(Stored entries)
━━━━━━
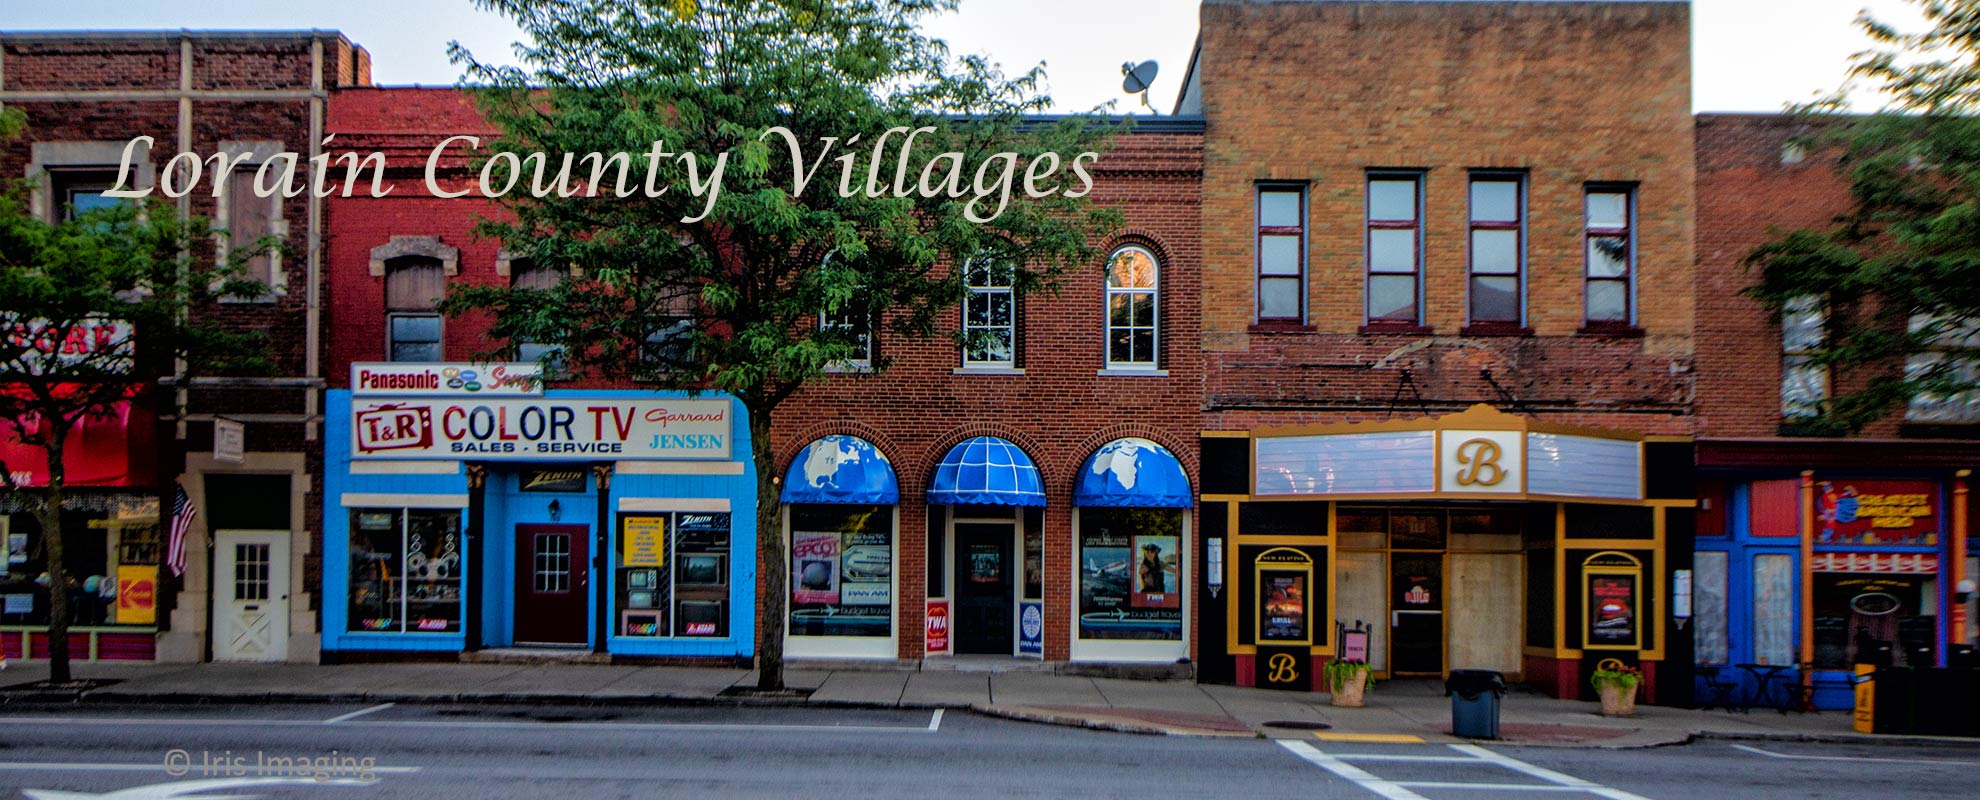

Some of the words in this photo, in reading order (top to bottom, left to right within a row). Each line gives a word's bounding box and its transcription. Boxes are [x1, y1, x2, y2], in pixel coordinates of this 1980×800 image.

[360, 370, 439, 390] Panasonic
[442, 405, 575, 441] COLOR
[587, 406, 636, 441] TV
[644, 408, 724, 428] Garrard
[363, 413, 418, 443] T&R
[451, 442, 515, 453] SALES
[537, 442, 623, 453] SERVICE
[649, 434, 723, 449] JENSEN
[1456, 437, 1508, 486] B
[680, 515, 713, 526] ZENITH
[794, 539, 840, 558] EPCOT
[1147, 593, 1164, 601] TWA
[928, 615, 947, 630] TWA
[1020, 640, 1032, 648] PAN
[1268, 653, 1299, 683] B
━━━━━━
▶ **Exercise**
With the pictures left out, write out all of the data exactly.

▶ **Answer to this task**
Some of the words in this photo, in reading order (top to bottom, left to right within a row). Each line gives a word's bounding box and its transcription. Boxes are [x1, y1, x2, y2], in pixel coordinates of this 1980×800 image.

[360, 370, 439, 390] Panasonic
[442, 405, 575, 441] COLOR
[587, 406, 636, 441] TV
[644, 408, 724, 428] Garrard
[363, 413, 418, 443] T&R
[451, 442, 515, 453] SALES
[537, 442, 623, 453] SERVICE
[649, 434, 723, 449] JENSEN
[1456, 437, 1508, 486] B
[680, 515, 713, 526] ZENITH
[794, 539, 840, 558] EPCOT
[1147, 593, 1164, 601] TWA
[928, 615, 947, 630] TWA
[1020, 640, 1032, 648] PAN
[1268, 653, 1299, 683] B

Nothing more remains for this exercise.